» About this task:
Reproduce the entries in full. Exclude all images from the copy.

» Input data:
*** Block opens ***

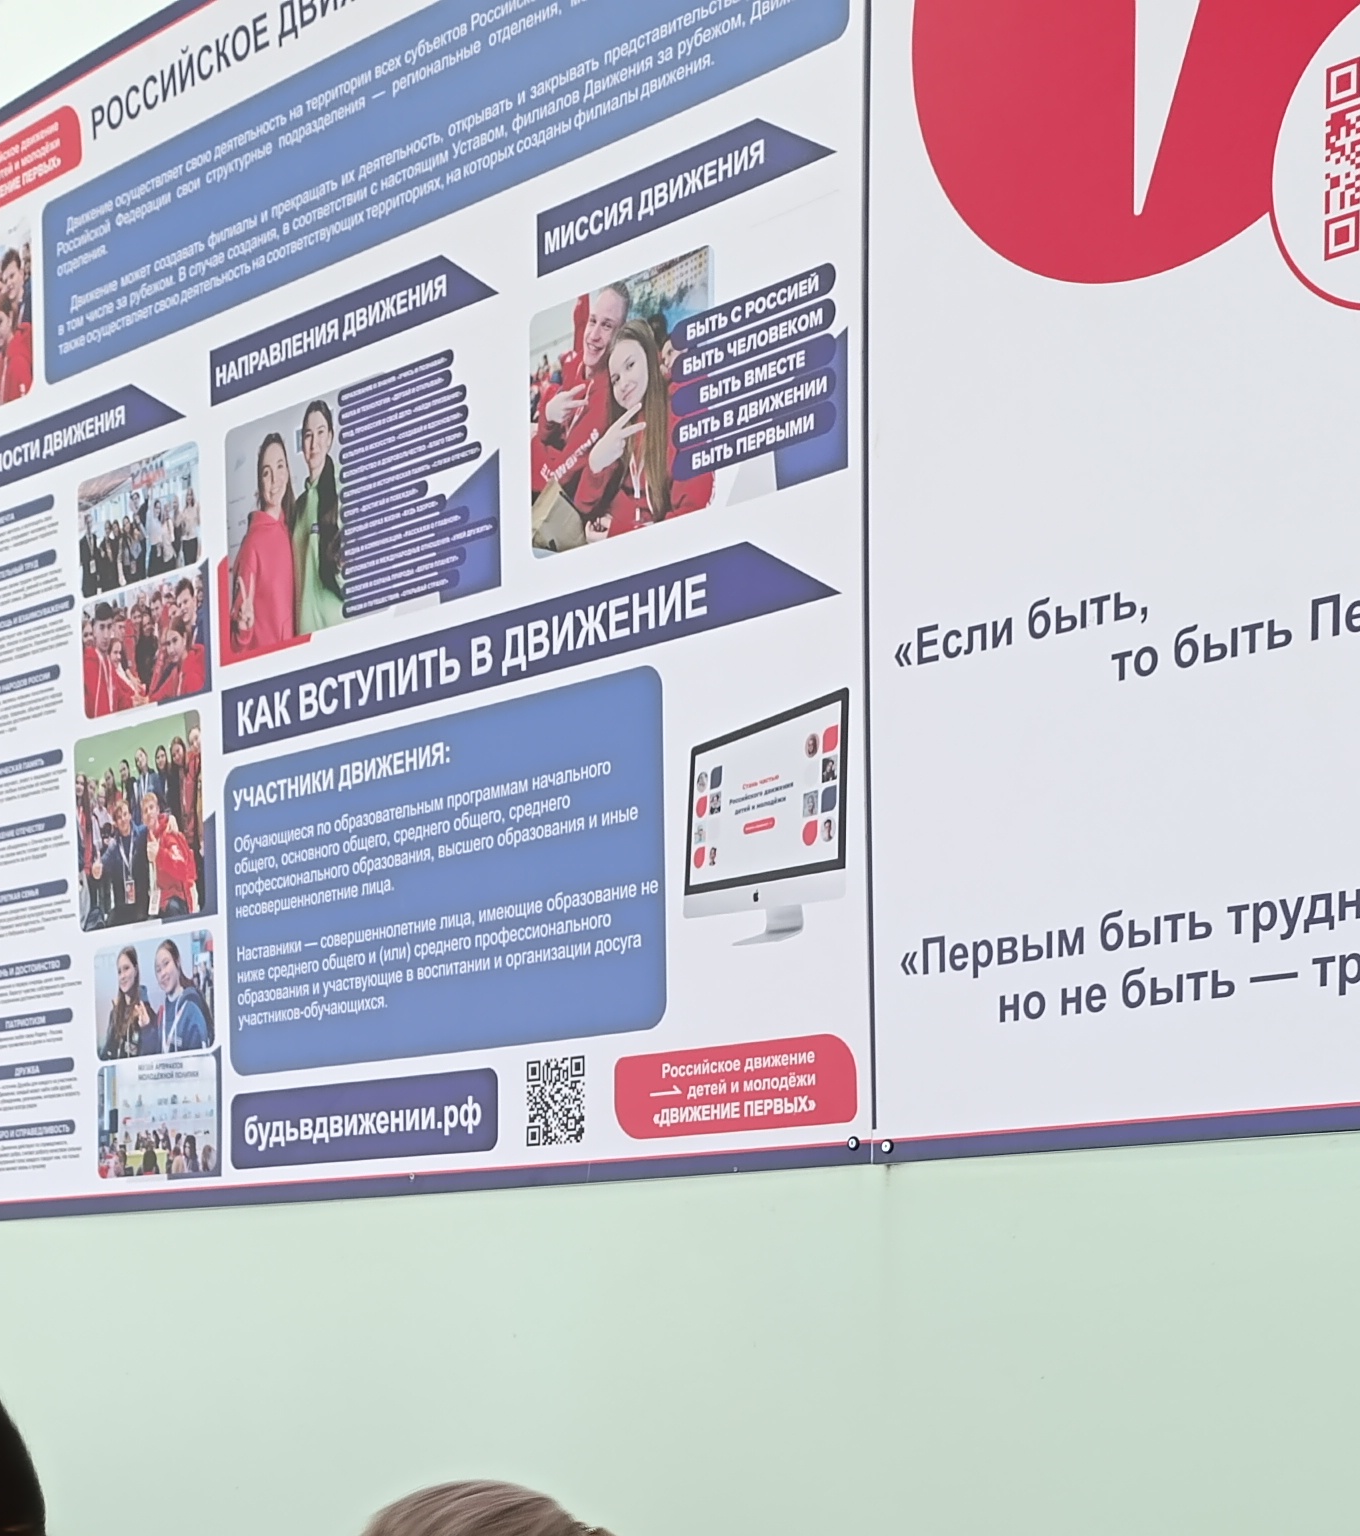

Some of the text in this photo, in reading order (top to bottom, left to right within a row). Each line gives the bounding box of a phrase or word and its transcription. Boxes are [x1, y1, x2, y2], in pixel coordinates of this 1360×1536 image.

[91, 12, 270, 140] РОССИЙСКОЕ
[516, 53, 714, 154] созданы филиалы движения.
[544, 139, 764, 255] МИССИЯ ДВИЖЕНИЯ
[215, 274, 447, 388] НАПРАВЛЕНИЯ ДВИЖЕНИЯ
[686, 272, 819, 341] БЫТЬ С РОССИЕЙ
[683, 308, 823, 375] БЫТЬ ЧЕЛОВЕКОМ
[679, 376, 827, 443] БЫТЬ В ДВИЖЕНИИ
[700, 350, 806, 403] БЫТЬ ВМЕСТЕ
[42, 405, 126, 459] ДВИЖЕНИЯ
[692, 413, 814, 470] БЫТЬ ПЕРВЫМИ
[237, 573, 708, 737] КАК ВСТУПИТЬ В ДВИЖЕНИЕ
[894, 592, 1148, 667] «Если быть,
[1111, 646, 1158, 682] то
[1174, 619, 1292, 668] быть
[232, 742, 450, 811] УЧАСТНИКИ ДВИЖЕНИЯ:
[234, 761, 612, 854] Обучающиеся по образовательным программам начального
[234, 795, 571, 875] общего, основного общего, среднего общего, среднего
[235, 806, 638, 899] профессионального образования, высшего образования и иные
[235, 878, 394, 918] несовершеннолетние лица.
[900, 926, 1084, 979] «Первым
[1100, 910, 1212, 952] быть
[5, 1016, 46, 1029] ПАТРИОТИЗМ
[999, 990, 1046, 1023] но
[1061, 983, 1107, 1016] не
[1122, 966, 1235, 1009] быть
[14, 1065, 40, 1077] ДРУЖБА
[662, 1050, 815, 1079] Российское движение
[686, 1072, 816, 1100] детей и молодёжи
[244, 1095, 482, 1152] будьвдвижении.рф
[653, 1095, 816, 1128] «ДВИЖЕНИЕ ПЕРВЫХ»

*** Block closes ***

» Exercise response:
Some of the text in this photo, in reading order (top to bottom, left to right within a row). Each line gives the bounding box of a phrase or word and its transcription. Boxes are [x1, y1, x2, y2], in pixel coordinates of this 1360×1536 image.

[91, 12, 270, 140] РОССИЙСКОЕ
[516, 53, 714, 154] созданы филиалы движения.
[544, 139, 764, 255] МИССИЯ ДВИЖЕНИЯ
[215, 274, 447, 388] НАПРАВЛЕНИЯ ДВИЖЕНИЯ
[686, 272, 819, 341] БЫТЬ С РОССИЕЙ
[683, 308, 823, 375] БЫТЬ ЧЕЛОВЕКОМ
[679, 376, 827, 443] БЫТЬ В ДВИЖЕНИИ
[700, 350, 806, 403] БЫТЬ ВМЕСТЕ
[42, 405, 126, 459] ДВИЖЕНИЯ
[692, 413, 814, 470] БЫТЬ ПЕРВЫМИ
[237, 573, 708, 737] КАК ВСТУПИТЬ В ДВИЖЕНИЕ
[894, 592, 1148, 667] «Если быть,
[1111, 646, 1158, 682] то
[1174, 619, 1292, 668] быть
[232, 742, 450, 811] УЧАСТНИКИ ДВИЖЕНИЯ:
[234, 761, 612, 854] Обучающиеся по образовательным программам начального
[234, 795, 571, 875] общего, основного общего, среднего общего, среднего
[235, 806, 638, 899] профессионального образования, высшего образования и иные
[235, 878, 394, 918] несовершеннолетние лица.
[900, 926, 1084, 979] «Первым
[1100, 910, 1212, 952] быть
[5, 1016, 46, 1029] ПАТРИОТИЗМ
[999, 990, 1046, 1023] но
[1061, 983, 1107, 1016] не
[1122, 966, 1235, 1009] быть
[14, 1065, 40, 1077] ДРУЖБА
[662, 1050, 815, 1079] Российское движение
[686, 1072, 816, 1100] детей и молодёжи
[244, 1095, 482, 1152] будьвдвижении.рф
[653, 1095, 816, 1128] «ДВИЖЕНИЕ ПЕРВЫХ»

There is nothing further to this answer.